Lo que muestra Coco tiene una base cultural muy interesante. La idea de que la muerte está relacionada con el recuerdo y el olvido es muy importante en muchas culturas. En el contexto de la religión católica, por ejemplo, el Día de los Muertos tiene sus raíces en la mezcla de rituales prehispánicos con las tradiciones cristianas, como la celebración de Todos los Santos y el Día de los Fieles Difuntos. En muchas culturas, la muerte no se entiende sólo como el final de la vida, sino como un proceso en el que el alma puede quedar atrapada si no se le da el adecuado “tratamiento” religioso o ritual, como el velatorio o el altar de los muertos. La memoria y el recuerdo son lo que dan “inmortalidad” al muerto. El muerto sigue vivo en los recuerdos de los vivos, y es solo el olvidado quien realmente desaparece.
¿Cómo se maneja la muerte en distintas culturas? En Occidente, por ejemplo, parece haber una relación diferente con la muerte que en Oriente. ¿A qué se debe esa diferencia, y cómo influye nuestra visión de la vida en nuestra relación con la muerte?
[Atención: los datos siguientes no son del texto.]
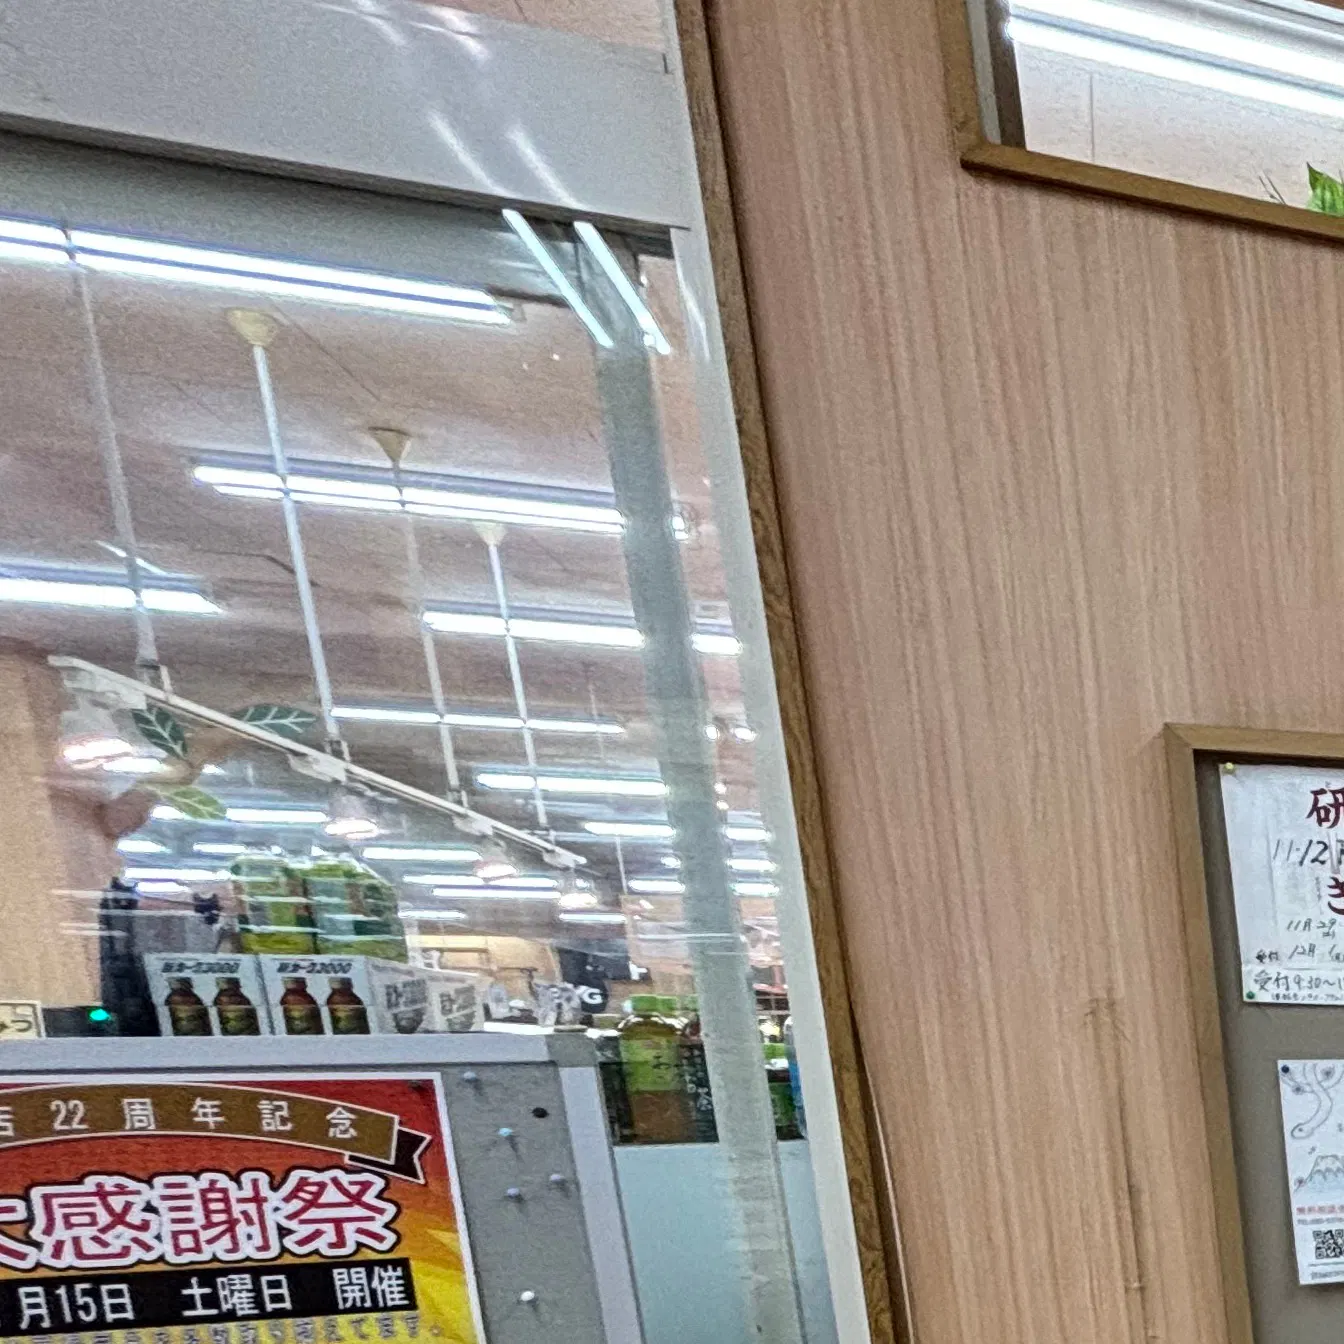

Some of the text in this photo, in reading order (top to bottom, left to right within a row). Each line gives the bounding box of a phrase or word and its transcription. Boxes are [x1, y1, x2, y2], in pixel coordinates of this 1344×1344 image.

[180, 1272, 293, 1319] 土曜日
[331, 1263, 411, 1311] 開催
Aquí hay una distinción importante entre la muerte, el morir y los muertos. En Occidente, especialmente en sociedades como la nuestra, hay una relación con la muerte que está muy marcada por la inmediatez, por una vida enfocada en el aquí y ahora. En cambio, en otras culturas, como las orientales, la muerte se ve más como parte de un ciclo continuo, donde la vida y la muerte están interconectadas de manera más fluida. Lo interesante, sin embargo, es que a pesar de estas diferencias, la relación con el cadáver es algo que comparten muchas culturas. En todas, el cadáver es visto como algo contaminante, y se deben realizar rituales específicos para “resolver” esa relación. Los cuatro elementos -agua, tierra, fuego y aire- se utilizan en muchas culturas para tratar al cadáver, ya sea enterrándolo, quemándolo, exponiéndolo al aire, o arrojándolo al agua.
Usted también es especialista en brujería, hechicería y demonología. ¿Qué significa esto? ¿En qué consiste su investigación?
Soy antropólogo de formación, y mi trabajo se ha enfocado en estudiar cómo diferentes culturas entienden lo sagrado, lo profano y lo sobrenatural. Esto incluye el estudio de prácticas como la brujería y la hechicería, que, aunque a menudo se ven como marginales u “oscuras”, son parte integral de muchas sociedades. Estudio cómo se construyen estos mundos de lo sagrado, a veces asociados con demonios o espíritus, y cómo las personas interactúan con ellos. Esto me ha llevado a investigar prácticas que se consideran parte del satanismo o del espiritismo, y cómo esas creencias y rituales pueden influir en eventos sociales, como crímenes o fenómenos inexplicables.
Hablando de fenómenos inexplicables, en Posadas está usted realizando un trabajo sobre la “tanatocartografía”. ¿De qué se trata exactamente?
La tanatocartografía es una metodología que utilizo para mapear las experiencias relacionadas con la muerte y el más allá en una región determinada. En este caso, estoy trabajando en Posadas, donde estoy localizando cementerios antiguos y actuales, y recopilando testimonios sobre lugares donde la gente ha tenido experiencias paranormales, como apariciones de fantasmas. Mi objetivo es crear un mapa de estos lugares “embrujados” o asociados con fenómenos inexplicables, para comprender cómo las creencias sobre los muertos y los espíritus se interponen en la geografía de la ciudad.
Siempre he tenido curiosidad, ¿por qué los fantasmas suelen aparecer en cementerios, si la persona murió en otro lugar?
Es una gran pregunta. En realidad, no todos los fantasmas están ligados al lugar donde la persona murió. Dependiendo del tipo de “fantasma” o “alma”, algunos permanecen atados a objetos que les pertenecieron, mientras que otros se quedan en los lugares donde vivieron o fallecieron. Los cementerios, en muchas culturas, son vistos como lugares donde las almas no descansan completamente hasta que se les ha dado el adecuado “trato” ritual, por lo que es común que algunas de estas entidades sigan manifestándose allí.